August 12, 1937

c/o C. M. & S. Co.

Yellowknife, N. W. T.

Via Goldfields, Sask.

Aug 12th, 1937

Dear Mother:

I suppose by the time this reaches you you will be back from California, having had a perfectly marvellous trip.  I wish I could have been along.  Thanks for the cigarettes which arrived on the very day I finished my own supply.  A boat came in also that day and I bought several more packets.

The office staff has moved into the staff house which is finished as far as possible until the next boat comes in.  We are using the would-be lounge as the office until the new one which is to be at the shaft is built.  It is a great improvement.  We have one proper desk now and five office chairs—the kind that you lean back in.  It took five big canoe loads to get all our stuff accross [sic].  We are wondering how all the stuff was crambed [sic] into the tent before.

The camp is beginning to look like quite a city now.  A second warehouse is going up, the cookhouse is being doubled in size, and power house, guest house and storage tank are all going up at the same time.

I don’t know what has happened to the roll of films I sent to Edmonton.  They should be back by now and yet it is unlikely that they should get lost.  

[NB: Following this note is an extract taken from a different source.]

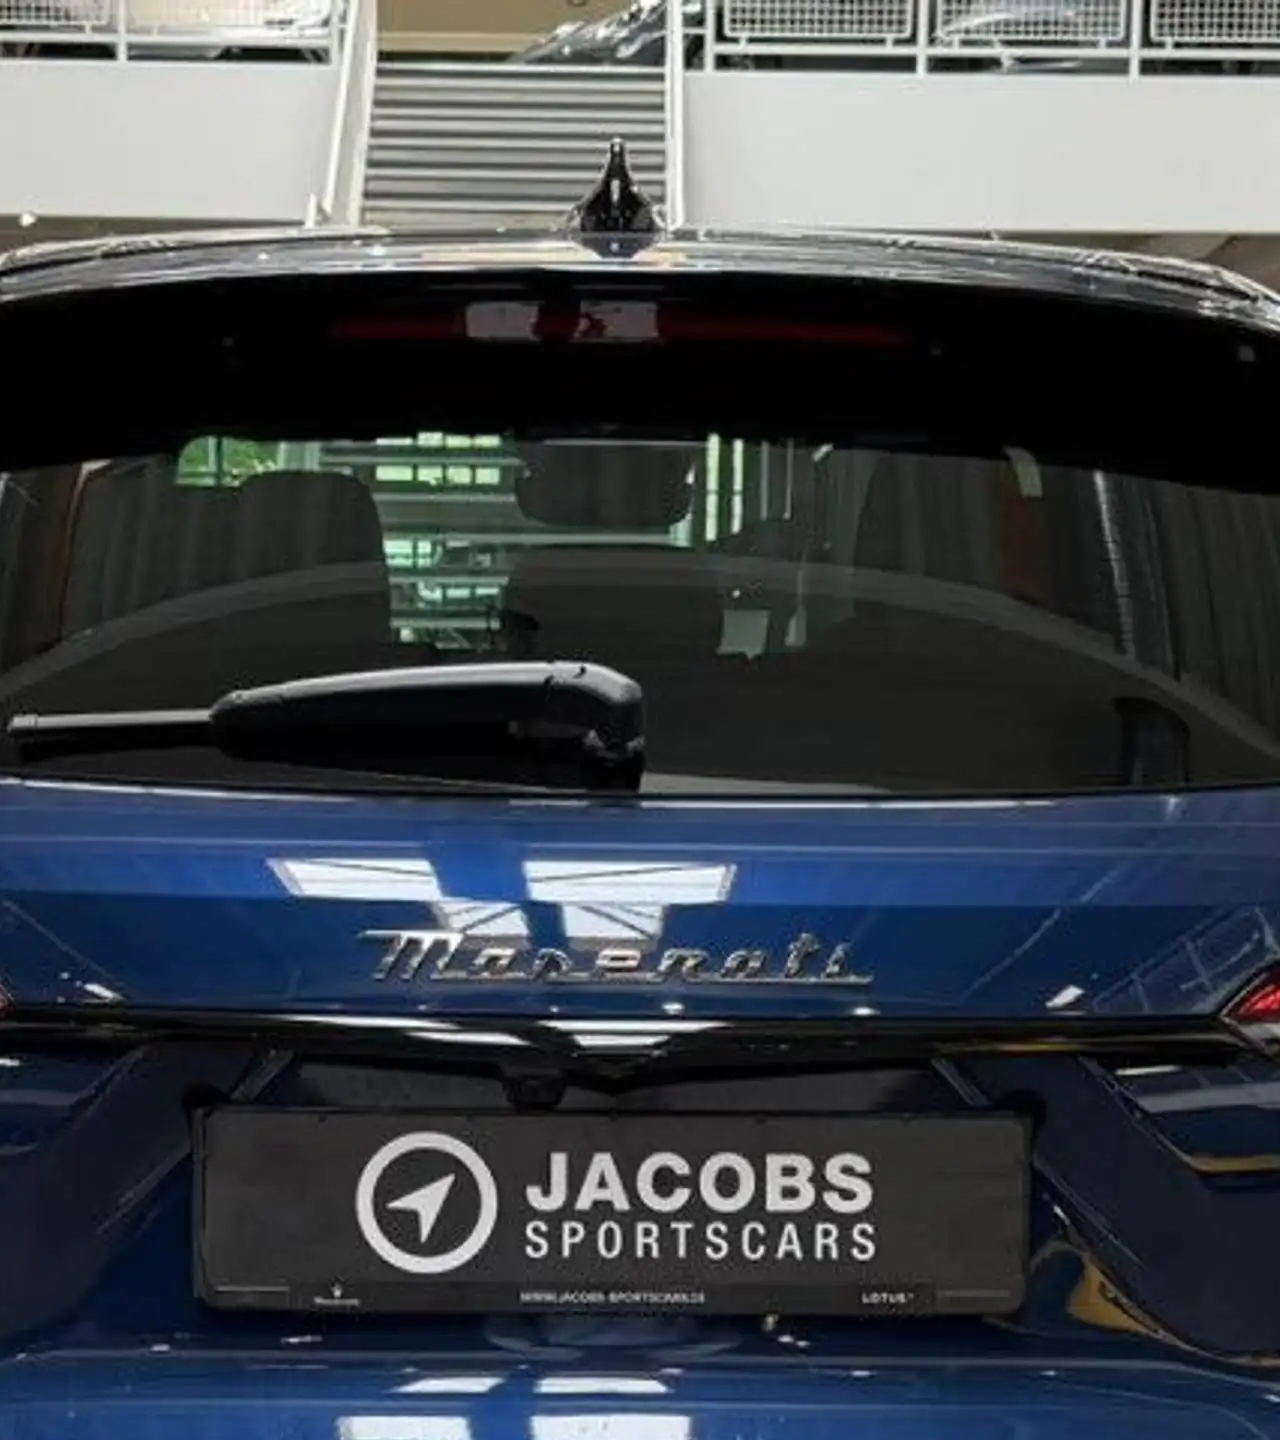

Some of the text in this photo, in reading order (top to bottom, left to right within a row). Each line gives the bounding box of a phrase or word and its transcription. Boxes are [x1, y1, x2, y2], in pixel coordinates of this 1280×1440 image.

I received the magazine and letter today and also the application form for the insurance.  I really wanted duplicates of the tennis pictures also but there is no hurry about them.  As to the insurance I don’t see how I could get a medical exam before perhaps next spring but I will do what I can with the rest.

On the last boat there was a giant stock of commissary supplies such as clothing, boots, tobacco, shaving equipment, blankets, bed rolls etc.  Eric Caldicott, my pal in the office, and myself spent about six hours yesterday selling the stuff.  It was the first day it was on sale and we sold $90 worth of cigarettes alone and must have turned over $1000.  And since the boat came in we have sold $900 worth of bed-rolls at $45.00.  They are lined with very soft eiderdown and about 10” thick when ther is no weight on them.  My purchase was a pillow, a much needed comfort.

Yesterday I had a very long and very hot shower.  The water for the shower is heated by the diesel which pumps the air for the oil tank drills.  The shower has been there for some time but until I moved into the staff-house I considered it too far to walk.  Now I see I was wrong.  It will be my first & last shower though as the drilling in the oil tank is completed and the whole apparatus will be moved up to the shaft.

We have a proper radio operator now and a different radio receiver.  I think another and quite powerful transmitter is coming in sometime.  The radio operator works in the office part of the time taking the place of the man who came in the same time I did.  I didn’t like him from the start and was glad when others realised how hopeless he was and put him on as a labourer.

I don’t think there is anything in particular I want right away although I will need my winter underwear and some more thick socks if there are any (I can get them here) sometime.  You are right in supposing that mail comes by company plane from Goldfields so it is probably only necessary to figure rates as far as there.

Eric and I were very busy last week.  It was the end of the month balancing of the payroll etc and the branch accountant, Tudor Ommanney, had to go to Edmonton for four days so we had to do all the work.  And just at that time two planes came in with new men to be signed on—so there was no rest for awhile.  However Tudor came back with two bottles of Dewars and, having the siphon already, the camp seems less uncivilized than it first appeared. 

Tudor told me that I would be going down to Giant this week but this may not be correct.  My postal address will still be the same in any case.